Software & Data Management
The FastnessGrade operates via FastnessSuite™ v3.2—a Windows-based application supporting real-time image acquisition, spectral analysis, and automated pass/fail reporting. Raw spectral data (10 nm intervals), CIE XYZ/L*a*b*, ΔE*ab/ΔE00, and annotated grading images are stored in vendor-neutral .csv and .tiff formats. Software modules include: (1) Fastness Grading Engine (with configurable thresholds per ISO/AATCC grade bands); (2) Multi-Site Synchronization (enabling distributed labs to share reference libraries and grading templates); (3) Audit Trail Manager (logging all user actions, parameter changes, and report exports with timestamps and digital signatures); and (4) Export Module compliant with LIMS/ERP systems via HL7 and ASTM E1384 interfaces. Data encryption at rest and in transit meets ISO 27001 requirements.
Applications
The FastnessGrade serves as a primary color fastness verification tool across vertically integrated supply chains—from fiber producers and dye houses to brand QA labs and contract testing facilities. In textile manufacturing, it validates wash-fastness before bulk production and monitors batch-to-batch consistency of reactive dyes on cotton. In automotive interiors, it assesses lightfastness of upholstery fabrics under ISO 105-B02 accelerated exposure. In food packaging R&D, it quantifies color migration from printed films onto simulated food simulants. In pharmaceutical packaging, it verifies label print durability under ISO 11664-4–based UV exposure protocols. Its ability to generate machine-readable fastness reports enables automated quality gate decisions in Industry 4.0 production lines.
FAQ
Does the FastnessGrade require annual recalibration?

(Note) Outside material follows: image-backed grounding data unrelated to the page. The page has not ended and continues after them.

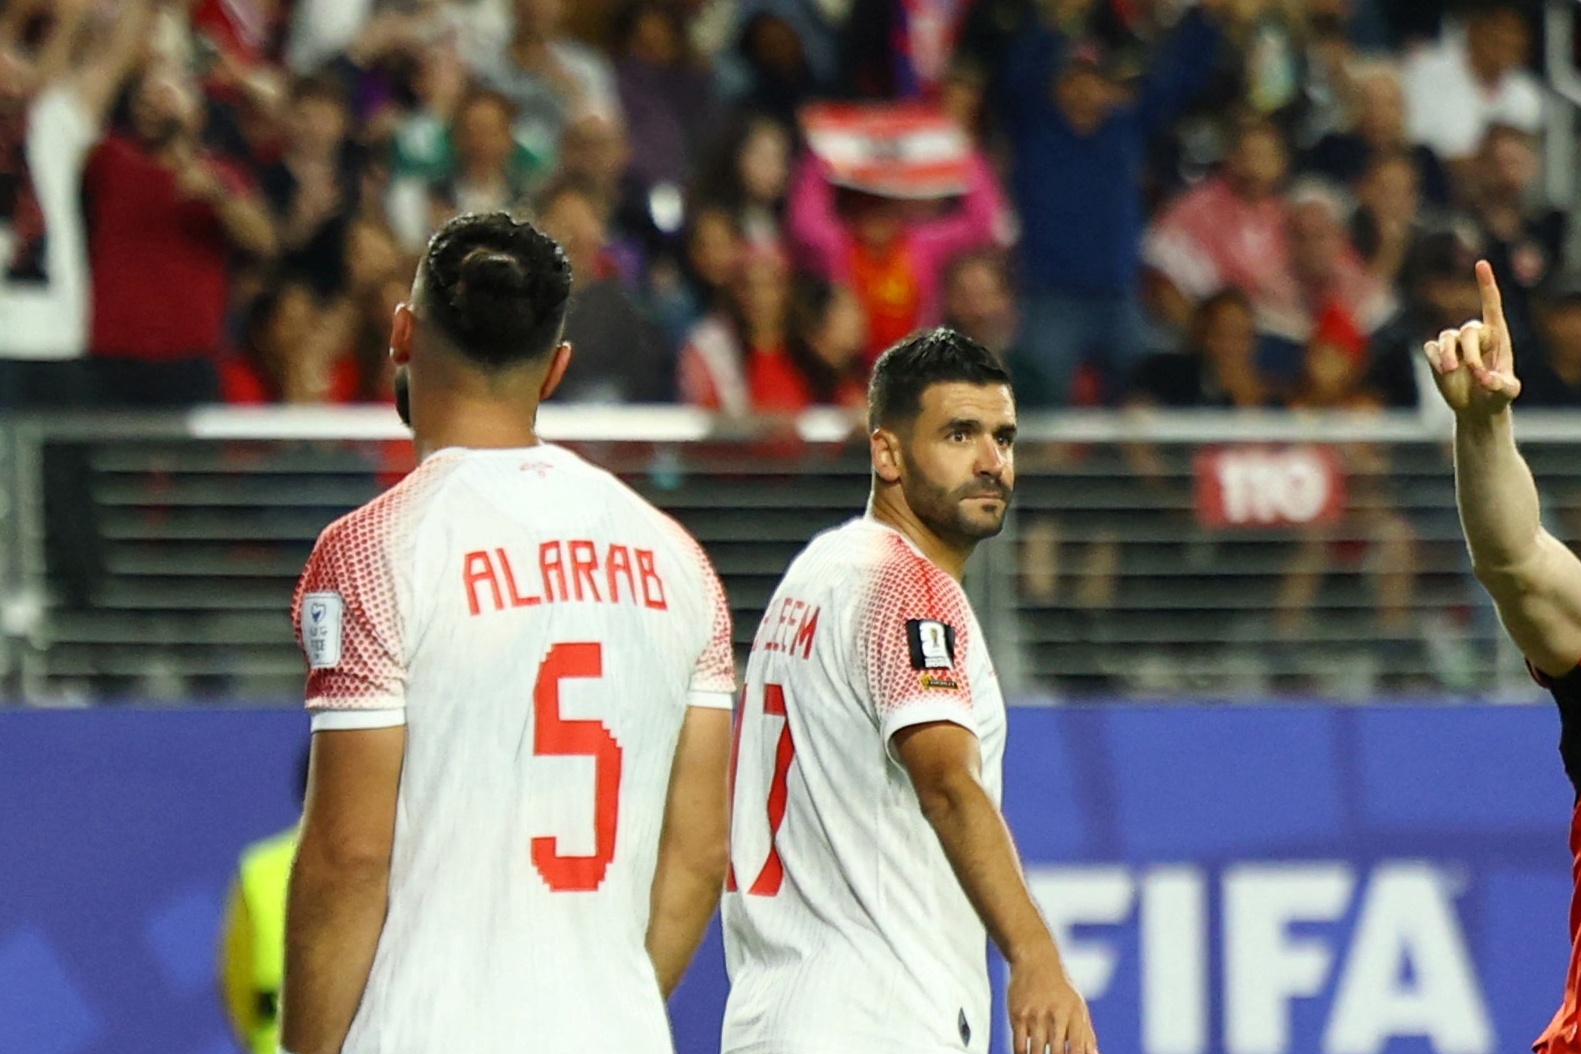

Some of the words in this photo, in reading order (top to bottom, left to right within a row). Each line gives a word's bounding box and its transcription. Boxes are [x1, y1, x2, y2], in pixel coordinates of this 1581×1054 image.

[1217, 451, 1328, 523] 110
[463, 540, 668, 616] ALARAB
[531, 642, 623, 892] 5
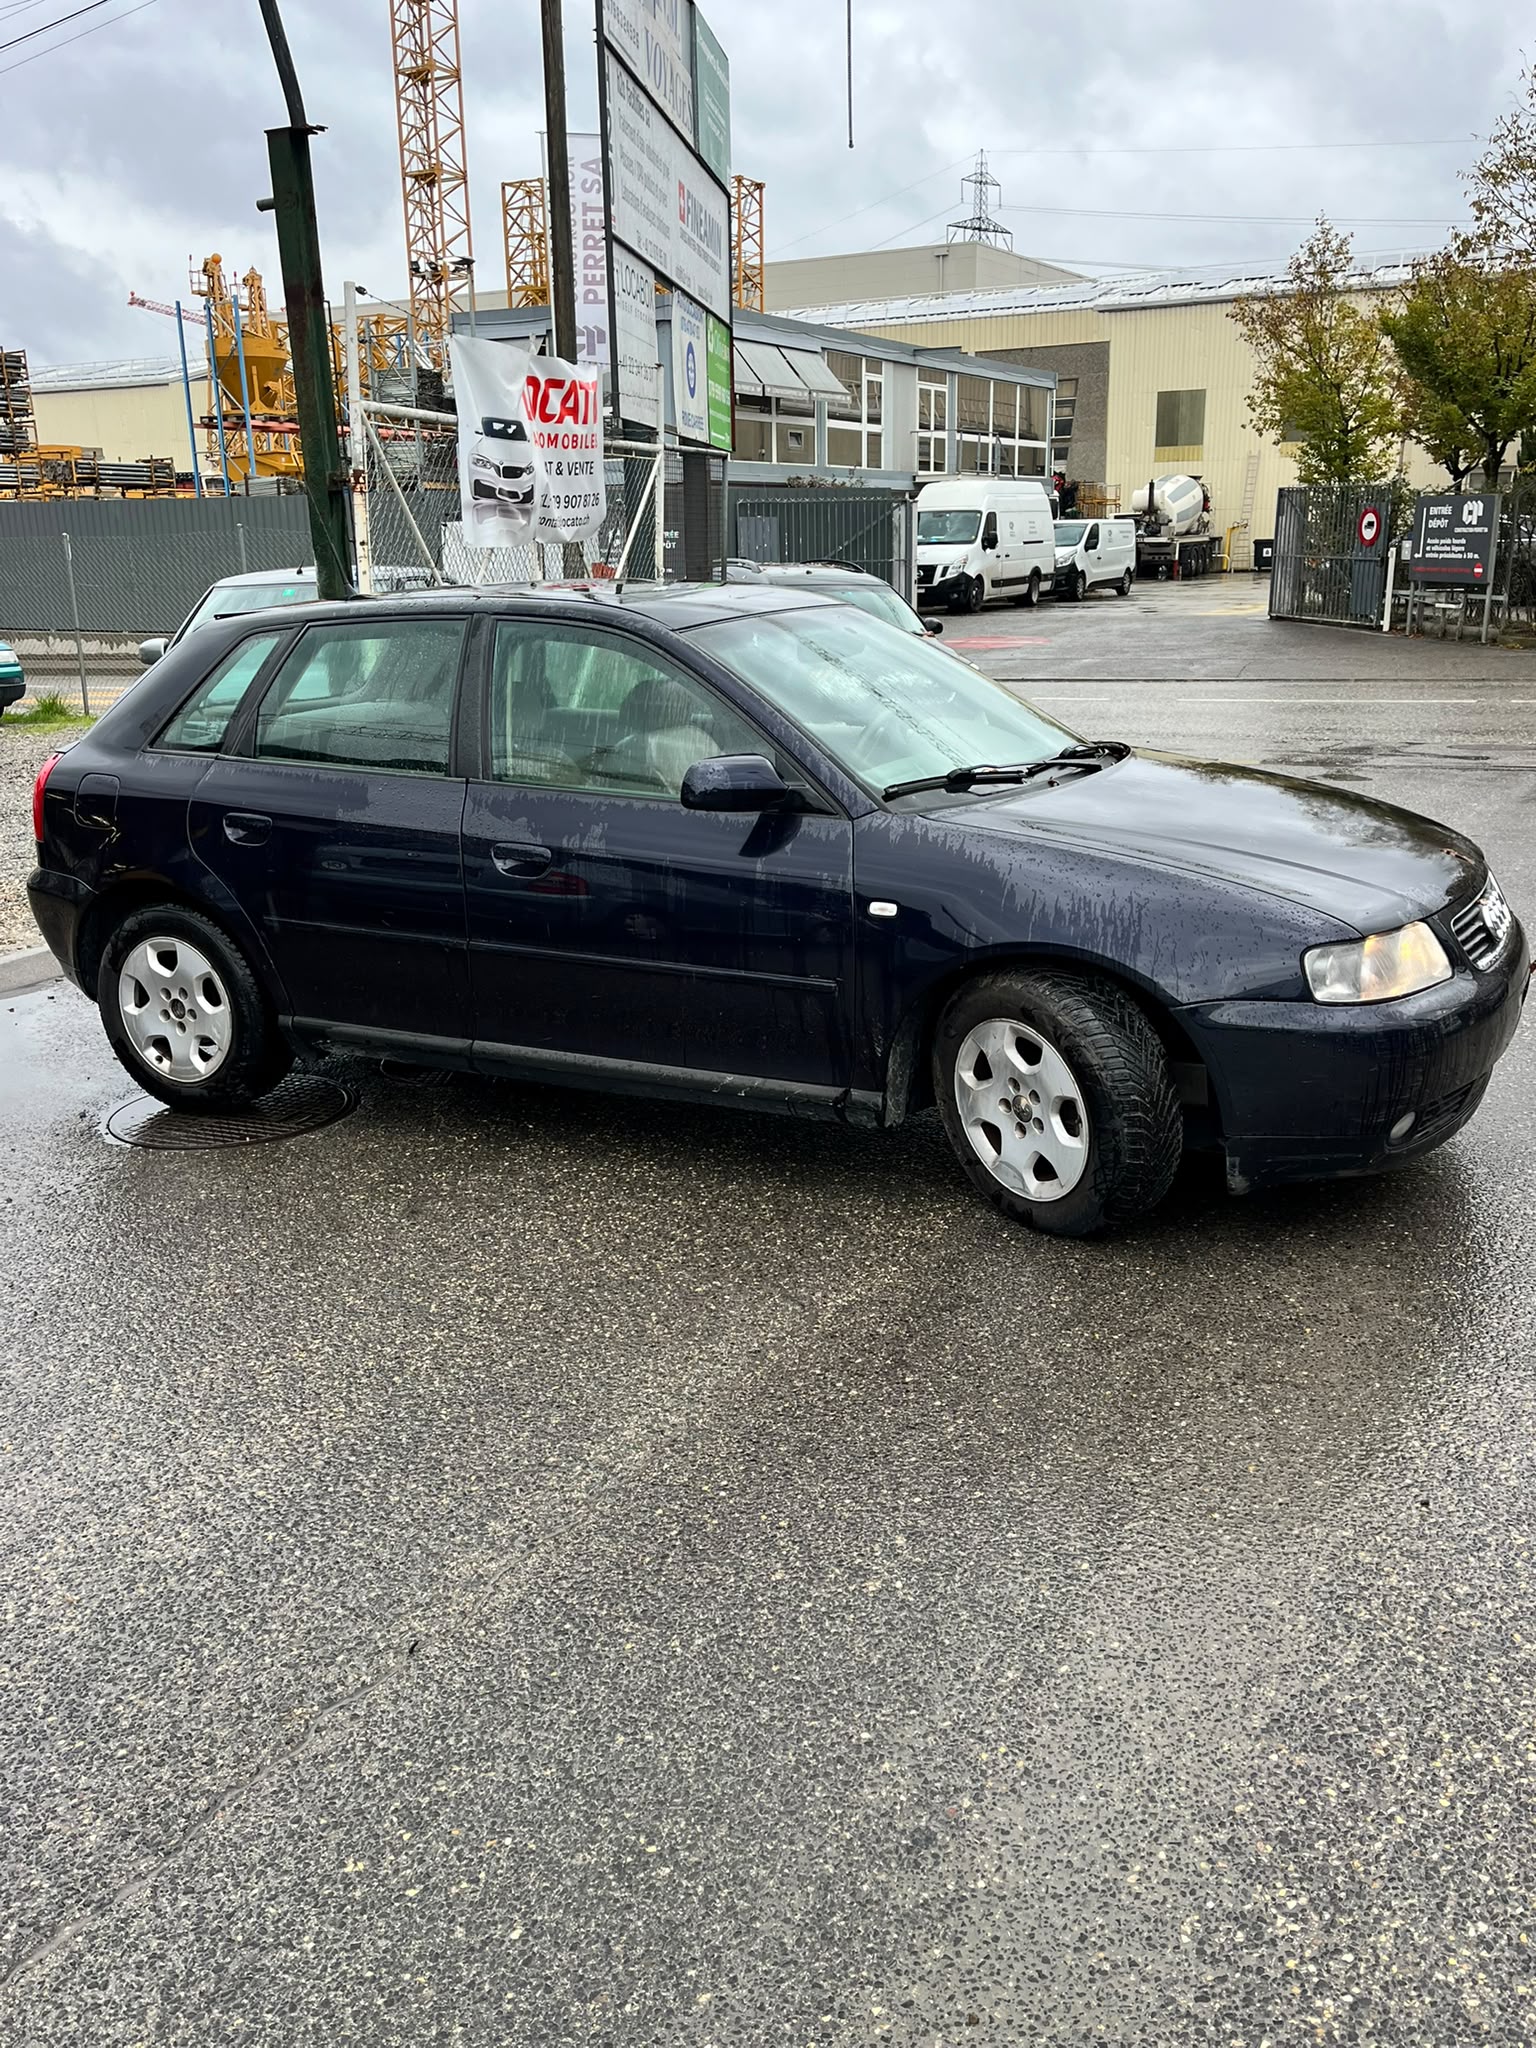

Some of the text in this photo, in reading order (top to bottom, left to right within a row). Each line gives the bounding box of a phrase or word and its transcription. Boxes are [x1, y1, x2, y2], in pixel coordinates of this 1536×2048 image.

[644, 26, 693, 135] VOYAGES
[580, 157, 606, 305] PERRET SA
[555, 461, 564, 476] &
[567, 460, 594, 476] VENTE
[563, 494, 582, 509] 907
[1429, 504, 1453, 515] ENTRÉE
[1428, 517, 1449, 528] DÉPÔT

Yes—HunterLab recommends annual factory recalibration using NIST-traceable standards, supplemented by daily user verification with supplied white and black tiles per ISO 13655.
Can it replace traditional gray scale and blue wool references?
It does not eliminate physical standards but provides digital equivalents traceable to them; final certification-grade reports still require correlation to ISO 105-A02 and ISO 105-B02 reference materials.
Is remote operation supported for multi-site deployments?
Yes—FastnessSuite™ supports secure remote desktop access and cloud-synced reference libraries via TLS 1.2–encrypted connections.
What sample preparation is required?
Minimal: Specimens must be mounted flat on the stage without wrinkles or folds; no chemical treatment or mounting media is needed.
How is pilling grade determined algorithmically?
By comparing texture variance, surface roughness metrics, and cluster density in the captured image against a calibrated set of ISO 105-X12 reference pilling standards, using convolutional neural network–enhanced segmentation.